Thoughts on The Quotable Chesterton



G.K. Chesterton is a thought-provoking writer that is said to have inspired C.S. Lewis with his book The Everlasting Man. I have several Chesterton books on my shelf and his works are quite varied but equally magnificent. His Father Brown mysteries are the most accessible of his works, but he is also well known for his book Orthodoxy. This book I received was a compilation of quotes from many of his books. It is called The Quotable Chesterton

G.K. Chesterton's books are full of wonderful quotes, so it is doubly delightful to see them catalogued here in one book. For those that know and have read Chesterton, this book will be a delight, for those that don't, I hope this will inspire them to read the books these quotes originate from to better appreciate them.

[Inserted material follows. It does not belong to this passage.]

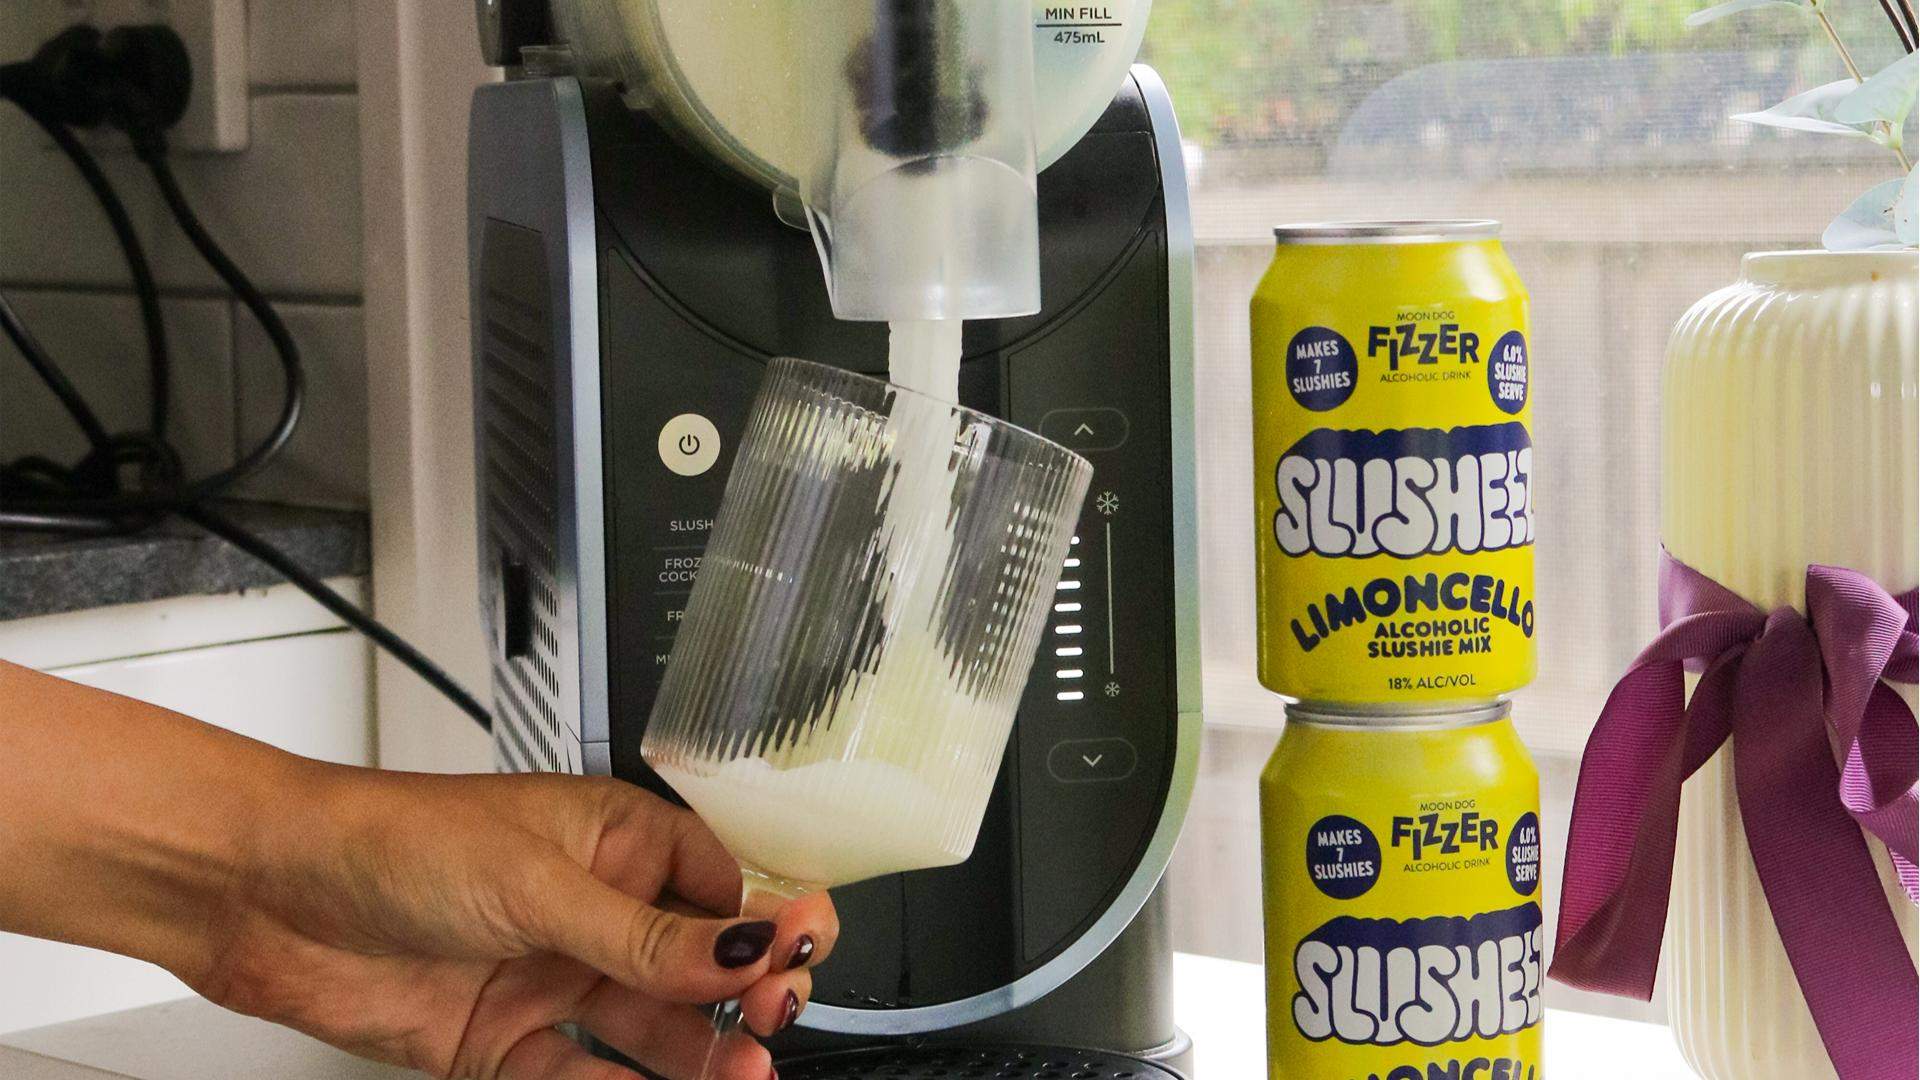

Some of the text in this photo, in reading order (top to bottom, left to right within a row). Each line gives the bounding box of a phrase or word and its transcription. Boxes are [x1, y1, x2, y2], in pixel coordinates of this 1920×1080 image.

Here's some of my favorite quotes I've had through the years:
“I would maintain that thanks are the highest form of thought, and that gratitude is happiness doubled by wonder.”—G. K. Chesterton


“There is no such thing on earth as an uninteresting subject; the only thing that can exist is an uninterested person.” —G. K. Chesterton

“The aim of life is appreciation; there is no sense in not appreciating things; and there is no sense in having more of them if you have less appreciation of them.”—G. K. Chesterton

“When it comes to life the critical thing is whether you take things for granted or take them with gratitude.”—G. K. Chesterton

“You say grace before meals. All right. But I say grace before the concert and the opera, and grace before the play and pantomime, and grace before I open a book, and grace before sketching, painting, swimming, fencing, boxing, walking, playing, dancing and grace before I dip the pen in the ink.”—G. K. Chesterton

“When we were children we were grateful to those who filled our stockings at Christmas time. Why are we not grateful to God for filling our stockings with legs?”—G. K. Chesterton

"Christianity has not been tried and found wanting; it has been found difficult and not tried." -- G. K. Chesterton

The New York Times (Ross Douthat) did an opinion article on Chesterton several months ago and stated this:

"Part of what makes Chesterton appealing to so many readers is also what makes him frustrating if you approach his writing looking for straightforward, syllogistic argument — namely, that his appeals on behalf of Christianity (or any other cause) tend to rove from history to philosophy to intuition to revelation to politics to aesthetics and then back to history again, with all different sorts of arguments crowding in together, and no necessary A=B=C thread to follow all the way through. He is not an “irrationalist,” as Bramwell suggests, but he isn’t Plato either. But then again neither are most people: They justify what they believe, whether it’s about God or political order or love or any other aspect of human affairs, based on a mishmash of different facts, ideas, experiences, premises, impulses, and so forth. And Chesterton succeeds as a polemicist, if not as a philosopher, because his style of argument fits so well with this very common, and very natural, way of human thought."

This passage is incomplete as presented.